**WHAT IS NEEDED:** Exactly repeat the full listing that follows.

**PROVIDED ENTRIES:**

****

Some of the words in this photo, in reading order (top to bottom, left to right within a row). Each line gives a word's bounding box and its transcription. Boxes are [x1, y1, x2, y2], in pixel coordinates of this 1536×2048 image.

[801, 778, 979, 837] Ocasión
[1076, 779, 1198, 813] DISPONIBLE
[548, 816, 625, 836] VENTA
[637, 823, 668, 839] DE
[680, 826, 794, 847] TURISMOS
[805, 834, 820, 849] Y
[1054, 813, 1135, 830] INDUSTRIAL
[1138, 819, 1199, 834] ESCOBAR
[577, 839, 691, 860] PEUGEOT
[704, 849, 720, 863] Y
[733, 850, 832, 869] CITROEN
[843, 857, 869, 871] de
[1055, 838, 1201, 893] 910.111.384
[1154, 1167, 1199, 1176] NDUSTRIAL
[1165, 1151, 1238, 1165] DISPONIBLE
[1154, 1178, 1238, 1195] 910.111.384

****

**PROBLEM SOLUTION:**
Some of the words in this photo, in reading order (top to bottom, left to right within a row). Each line gives a word's bounding box and its transcription. Boxes are [x1, y1, x2, y2], in pixel coordinates of this 1536×2048 image.

[801, 778, 979, 837] Ocasión
[1076, 779, 1198, 813] DISPONIBLE
[548, 816, 625, 836] VENTA
[637, 823, 668, 839] DE
[680, 826, 794, 847] TURISMOS
[805, 834, 820, 849] Y
[1054, 813, 1135, 830] INDUSTRIAL
[1138, 819, 1199, 834] ESCOBAR
[577, 839, 691, 860] PEUGEOT
[704, 849, 720, 863] Y
[733, 850, 832, 869] CITROEN
[843, 857, 869, 871] de
[1055, 838, 1201, 893] 910.111.384
[1154, 1167, 1199, 1176] NDUSTRIAL
[1165, 1151, 1238, 1165] DISPONIBLE
[1154, 1178, 1238, 1195] 910.111.384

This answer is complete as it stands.